現地レポート:ベトナム 中部ニャチャンのリゾート滞在を核に
中部ニャチャンのリゾート滞在を核に
新デスティネーションとしてのベトナム
ベトナム航空(VN)は先ごろ、東京、名古屋、大阪、福岡から約80名の旅行会社が参加したオールジャパン規模の合同研修旅行を実施した。ベトナム中部のビーチリゾートのニャチャンでは、デスティネーション発展に向けたセミナーを開催し、参加者と現地関係者との意見交換も実施。日本での情報や現地での日本語ガイドの不足といった現状をふまえ、最重要市場である日本からの旅行者増加に向けた今後の方針が話された。(取材協力:ベトナム航空)
成長期の今に、課題を直視した積極的な意見交換を展開
ベトナム航空(VN)が日本に就航した1994年以来、ベトナムへの日本人出国者数はSARSのあった2003年をのぞき、一様に右肩上がりで増加。2007年の訪問者数は40万人超で、就航以前の10倍といわれる。世界的な不況、燃油サーチャージの高騰の影響で旅行業界全体が打撃を受けるなか、多少の影響はあるものの今年もベトナムは伸びを期待できるといわれている。しかし、今回のセミナーでは今後のさらなる成長に向け、あえてベトナム観光の問題点にも言及があった。
まず、話が出されたのが、長年にわたり要望されている在日のベトナム政府観光局の設立だ。これに対し、ベトナム観光省のグエン・クイ・フン氏は「準備委員会を設置し、旅行だけでなく文化交流などのプログラムを兼ねた観光局の設立をめざしたい」と説明する。VN旅客営業部課長の加藤欣也氏も、在日の観光局がないため消費者が気軽に旅行の計画をたてられず、リピーター確保にもつながらないとし、「情報はただ提供するだけでは意味がない。相手にはっきりと認知させることが重要」と述べ、積極的なプロモーション活動の必要性を語った。
このほかセミナーでは、現地ホテルやオペレーターなどで組織されるインドシナ観光促進協議会(ITPF)会長の大畑貴彦氏(サイトラベルサービス代表取締役社長)が、地域全体の認知向上の必要性を強調。

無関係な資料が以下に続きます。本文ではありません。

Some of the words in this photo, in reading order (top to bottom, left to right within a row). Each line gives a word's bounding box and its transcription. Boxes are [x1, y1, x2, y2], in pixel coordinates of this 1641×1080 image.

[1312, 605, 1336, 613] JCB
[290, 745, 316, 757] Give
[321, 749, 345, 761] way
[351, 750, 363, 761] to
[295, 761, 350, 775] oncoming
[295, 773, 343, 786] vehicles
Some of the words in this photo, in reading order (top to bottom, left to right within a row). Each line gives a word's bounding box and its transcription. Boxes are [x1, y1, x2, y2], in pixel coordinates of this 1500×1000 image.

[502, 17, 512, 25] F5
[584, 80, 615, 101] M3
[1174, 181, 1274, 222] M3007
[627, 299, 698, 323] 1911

大畑氏は国土交通省の調査によるベトナムおよび周辺諸国の認知状況との比較を引用し、ベトナムという国を「知っている」と答えた日本人は約3割に過ぎず、残りの7割は「まったく知らない」あるいは「ほとんど知らない」という状況を説明。ラオスやミャンマーなどの周辺諸国は9割が「まったく」あるいは「ほとんど知らない」と答えたという。モノデスティネーションとしてはもちろん、周遊旅行での旅行者数の増加も必要であることから、航空会社やホテルなどインドシナ旅行の関係者全体の強い団結を訴えた。

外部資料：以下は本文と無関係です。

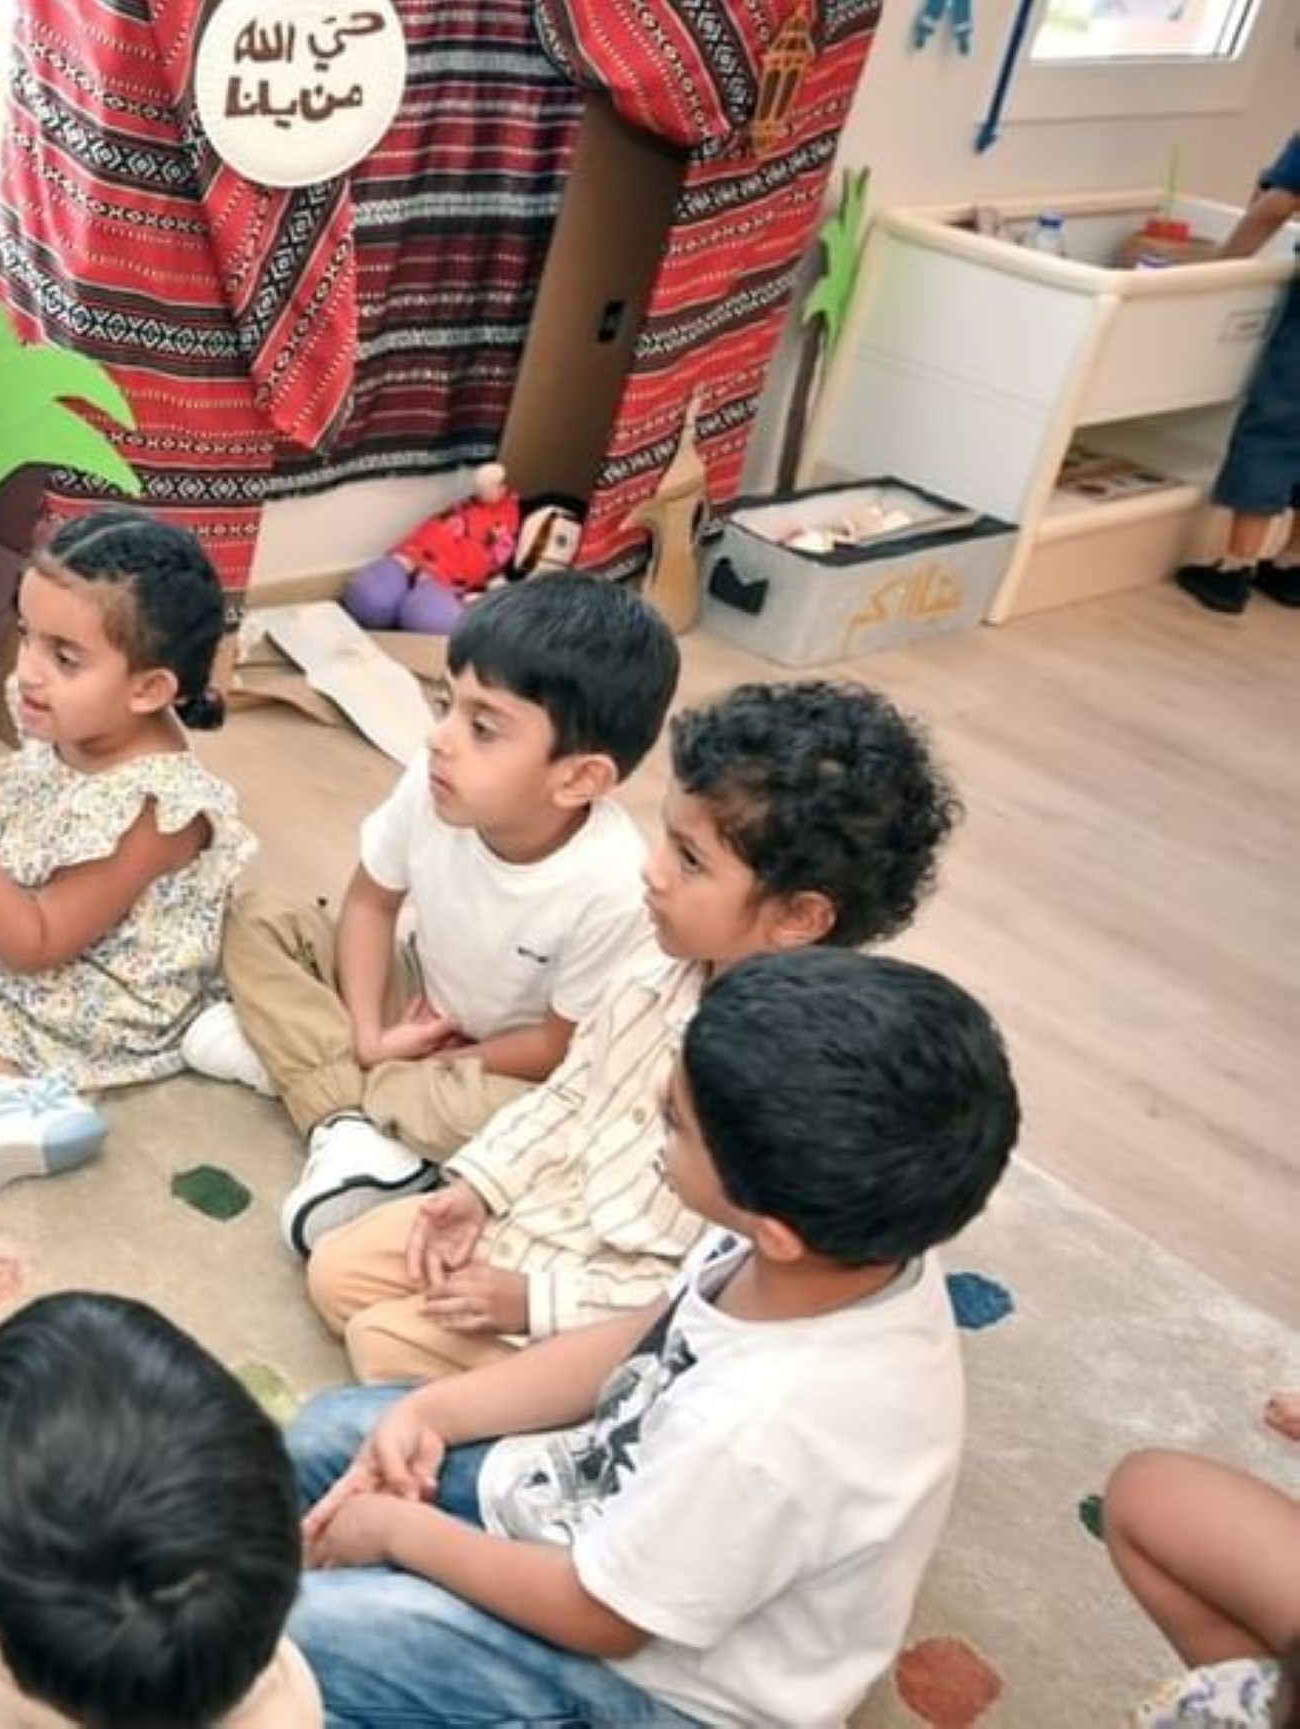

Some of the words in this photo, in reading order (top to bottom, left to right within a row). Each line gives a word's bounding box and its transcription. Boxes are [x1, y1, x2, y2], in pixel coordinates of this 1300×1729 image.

[234, 18, 296, 63] الله
[225, 76, 298, 129] يانا
[301, 85, 362, 121] من
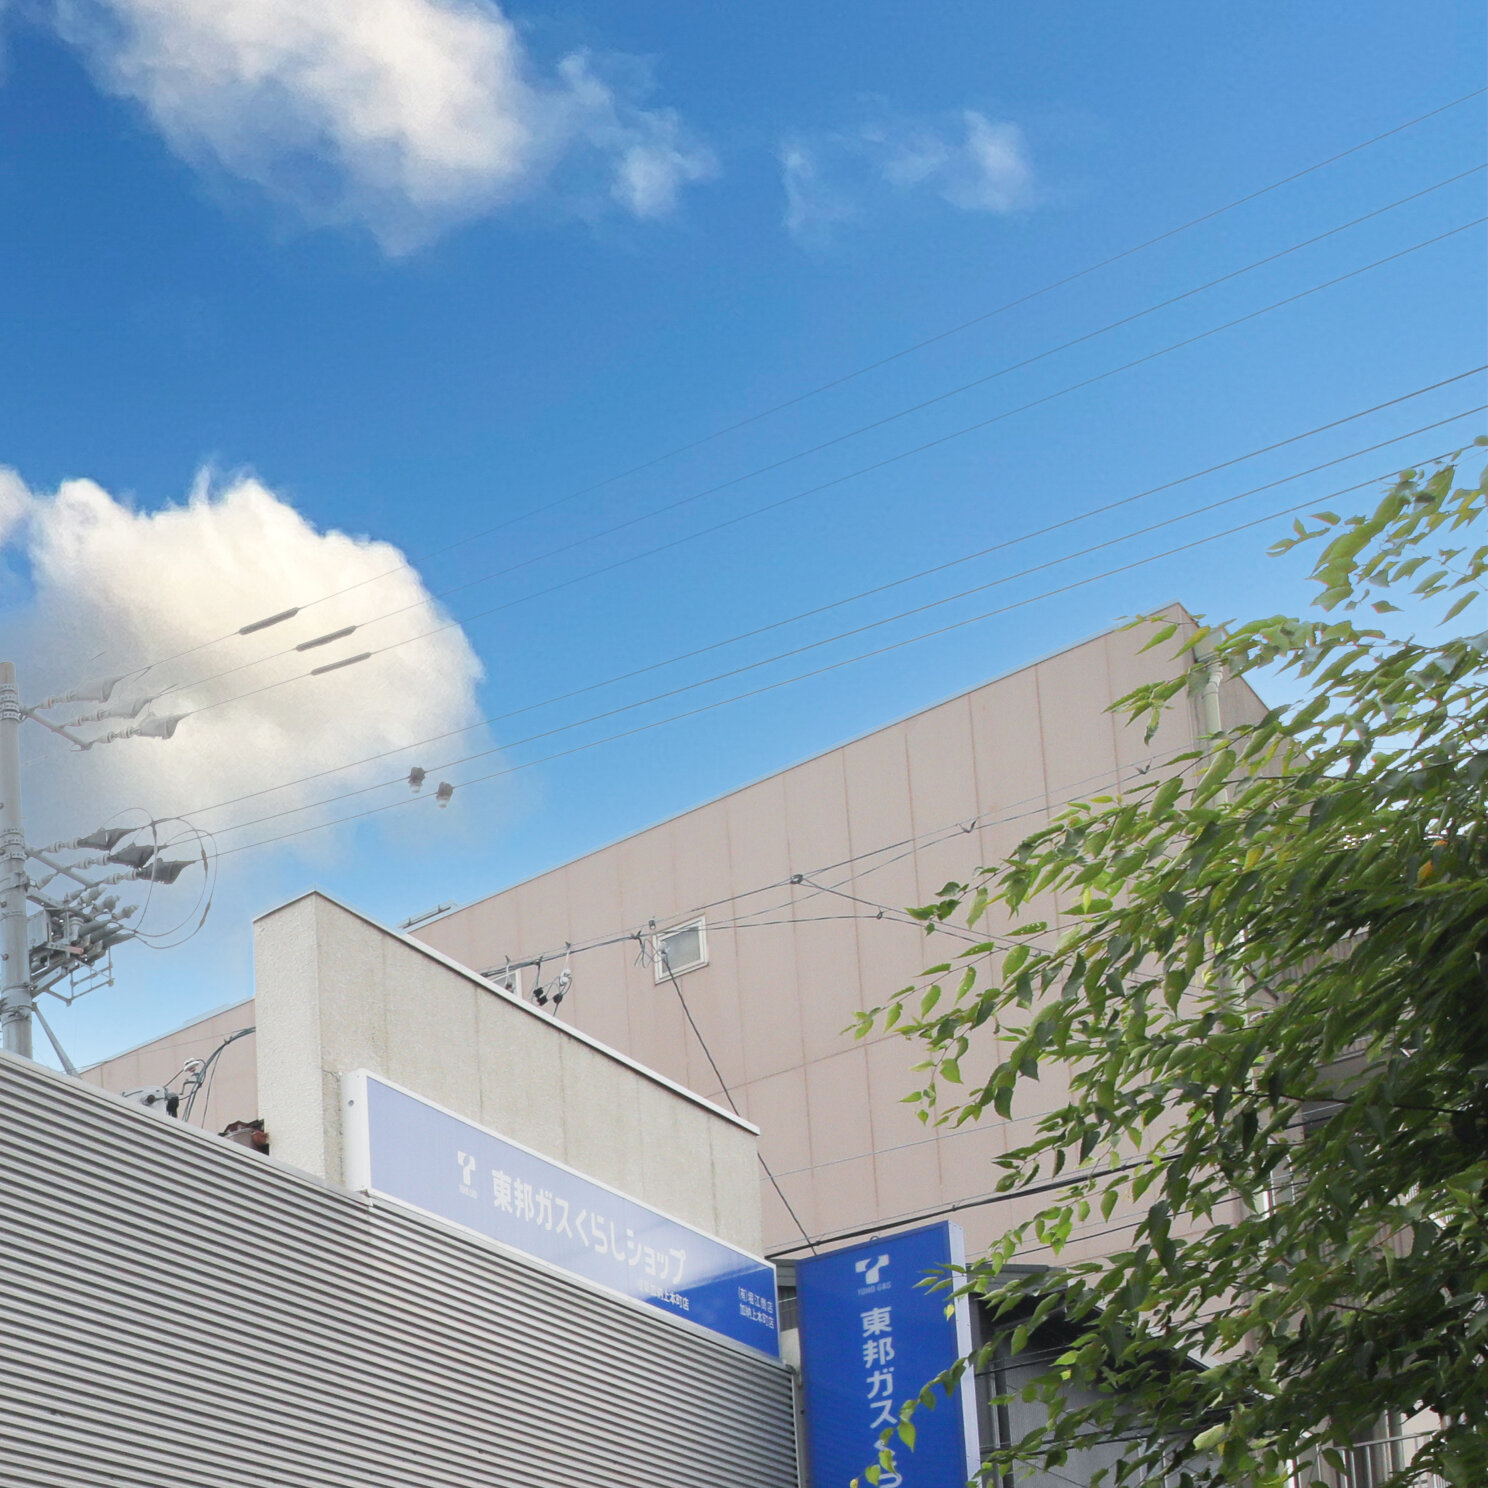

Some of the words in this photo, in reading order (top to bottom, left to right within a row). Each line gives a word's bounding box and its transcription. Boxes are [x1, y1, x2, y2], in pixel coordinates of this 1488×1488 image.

[491, 1169, 686, 1284] 東邦ガスくらしショップ

ベトナム観光省では日本を最重要市場に位置づけており、インフラや観光施設に投資していく方針で、約100万ドルの予算を予定。日本旅行業協会(JATA)のビジット・ワールド・キャンペーン「もっと! 海外へ」で重要市場に指定されたほか、国交省のODA予算を活用した観光関連事業としてベトナムへの海外旅行促進策も実施されており、観光拡大に向けた各種施策の拡大が期待される。また、VNも引き続き日本マーケットに投資していく方向だ。日本への直行便は64%のシェアを誇るが、この先、福岡/ハノイ線などの需要が高まればネットワークをさらに拡充することも考えられるという。なお、10月1日には以前、日本地区総支配人を務めていたチン・ホン・クァン氏が副社長に就任している。
引き続き中部エリアをプロモーション
ベトナム観光省ではメジャーとなる南部のホーチミン、北部のハノイの両都市を拠点とする旅行にかぎらず、ベトナム中部地域の観光を積極的に宣伝していく方針。中部は国内にある5つの世界遺産のうち、3つの文化遺産と1つの自然遺産の計4つが位置するため、遺跡を訪れる歴史・文化的な旅行のイメージが強いが、ベトナム観光省では南北に長い海岸線を活かしたビーチリゾートもプロモートする考えで、2010年までにはベトナムのリゾートが世界の美しいビーチリゾート地として10位以内に位置づけられることをめざすという。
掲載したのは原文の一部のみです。